シスタのため
ベッド脇の照明だけ付けられており、カーテンは閉められている。
普段よりも静かなことから、もう夜中なのだろう。
ニーファは……座ったまま眠っている。
「うーん」
すっかり目が覚めてしまったので、車椅子に乗ってちょっと部屋の外を散策しようと思う。
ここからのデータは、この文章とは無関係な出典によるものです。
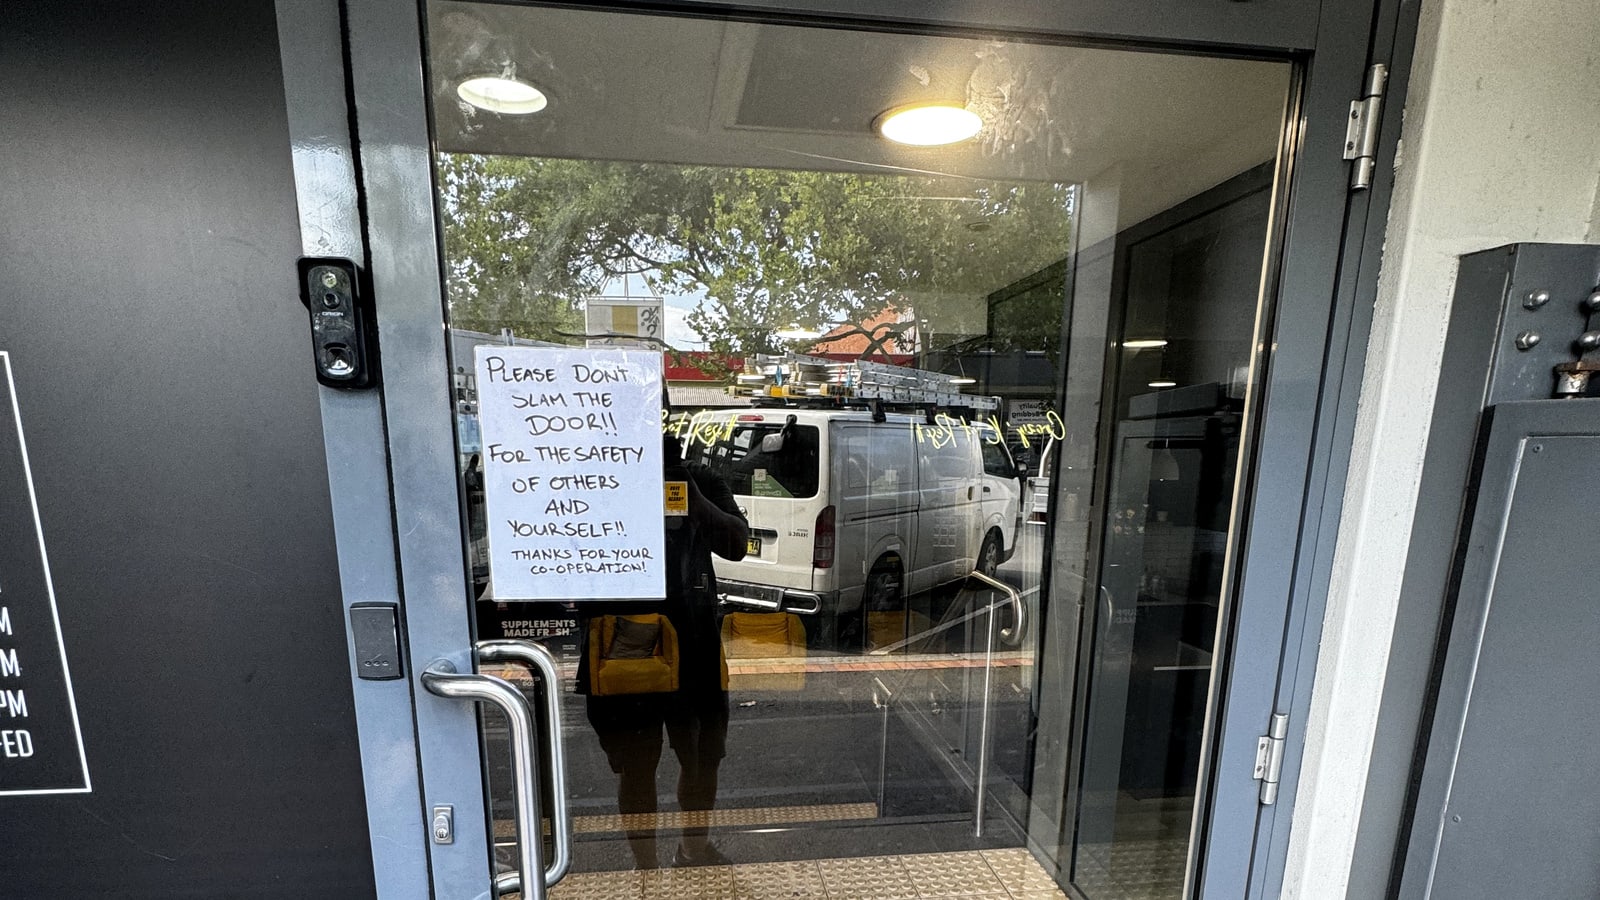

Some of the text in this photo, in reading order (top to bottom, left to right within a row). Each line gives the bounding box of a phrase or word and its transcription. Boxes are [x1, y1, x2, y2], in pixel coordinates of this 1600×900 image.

[486, 356, 556, 382] PLEASE
[512, 392, 612, 408] SLAM THE
[525, 412, 618, 436] DOOR!!
[488, 444, 644, 464] FOR THE SAFETY
[512, 475, 620, 493] OF OTHERS
[545, 499, 589, 517] AND
[507, 520, 628, 538] YOURSELF!!
[511, 547, 654, 561] THANKS FOR YOUR
[530, 561, 648, 575] CO-OPERATION!
[501, 619, 576, 629] SUPPLEMENTS
[504, 629, 535, 637] MADE
[0, 729, 34, 758] ED
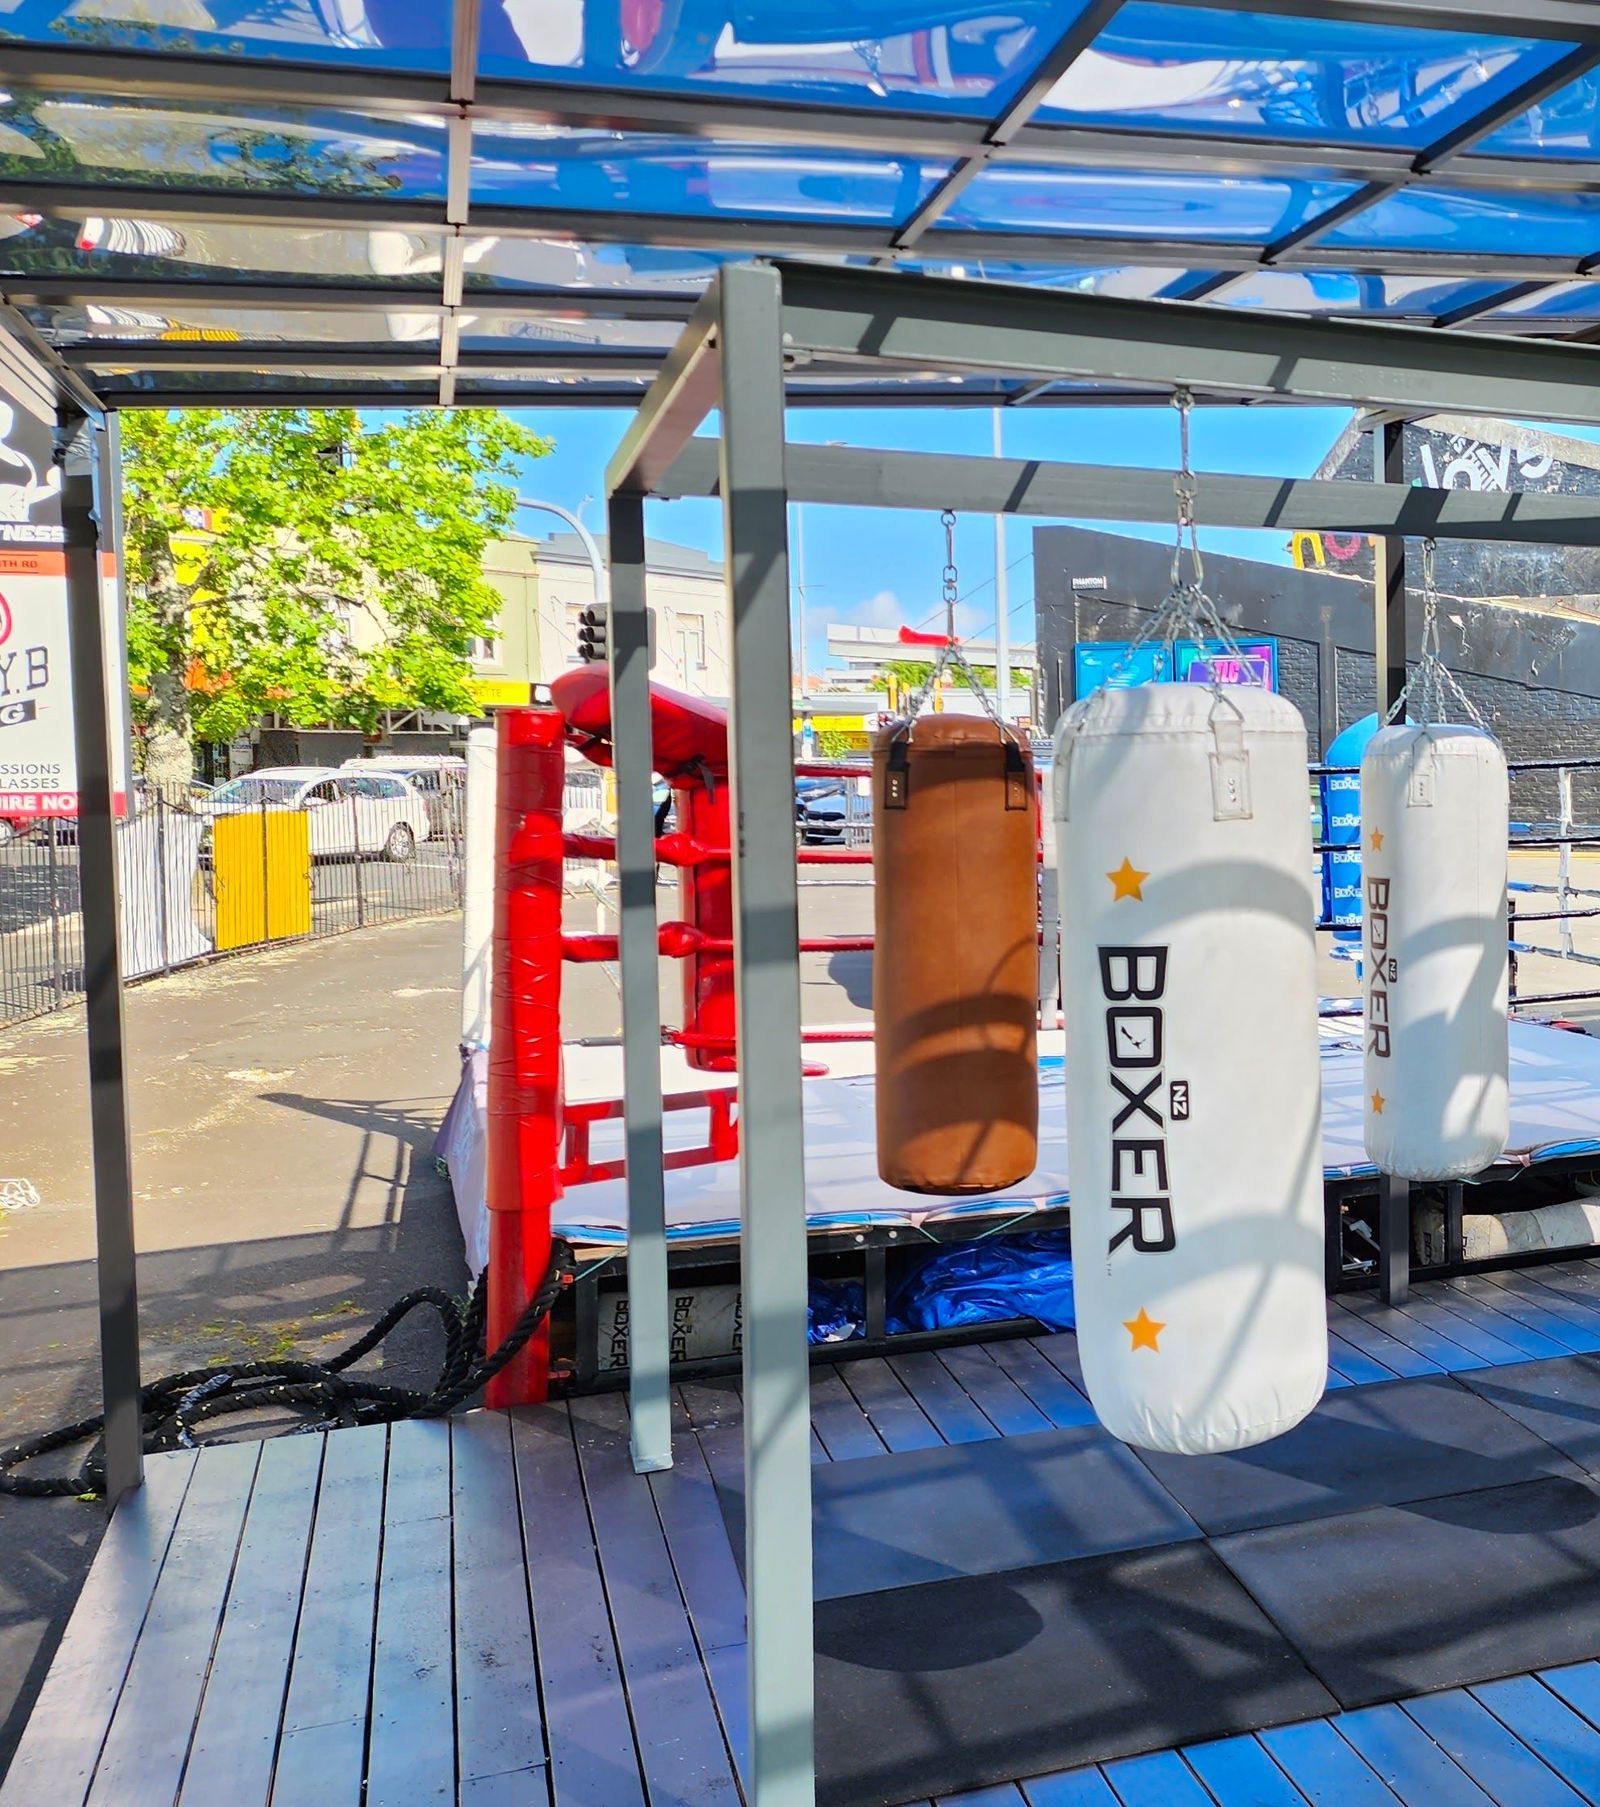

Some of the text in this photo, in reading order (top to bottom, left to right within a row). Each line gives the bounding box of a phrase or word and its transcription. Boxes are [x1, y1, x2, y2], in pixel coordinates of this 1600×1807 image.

[41, 794, 78, 811] NO
[1367, 877, 1391, 1059] BOXER
[1097, 944, 1178, 1257] BOXER
[1171, 1082, 1188, 1119] NZ
[670, 1296, 694, 1364] BOXER
眠っているニーファを起こさないように、こっそりと脇にある車椅子に座り込む。
「本当に誰もいない。新鮮だけど、懐かしいな。前世があるからかな」
流石に階段は降りられないし上れないから、今いる階だけを進んで回る。
本当はお腹が空いたから食堂にでも行きたいけど、ここで誰か呼べば連れ戻されることは火を見るより明らかであるため、諦めることにする。
「電気が点いてる。父親の部屋?」
私は音が出ないようこっそりとドアを開けて聞き耳を立てる。
「どうお考えですか?」
母親の声だ。
「どうするも何も、ヴィリアラの為を思うのなら、ずっとあそこの部屋に入れて置くわけにはいかないだろう。今回の怪我も病も、元はと言えば──」
「分かっています。ですから、どうすればいいのか分からないのです。ヴィリアの為とあの悪魔から遠ざけていましたが、あの子はそれでも危ない手を使って会おうとしますし、会えなければ会えないで体調を悪化させてしまう。私が間違っていたのですか?」
「ヴィリアラからしたら君の考えは間違えているだろう。だが、大半の人は君の考えを否定できない。一月後には誕生パーティーが控えている。なら、多少なりとも二人の時間を増やすことが得策だろう。パティア、不服かもしれないが一旦様子を見てみないか? 悪魔の子がヴィリアラにどのような変化をもたらすのかを」
シスタと表向きに会えることは嬉しい。
でも、シスタをそんな風に言われたくない。今までは流していたけれど、こうしてちゃんと聞くと心苦しくなる。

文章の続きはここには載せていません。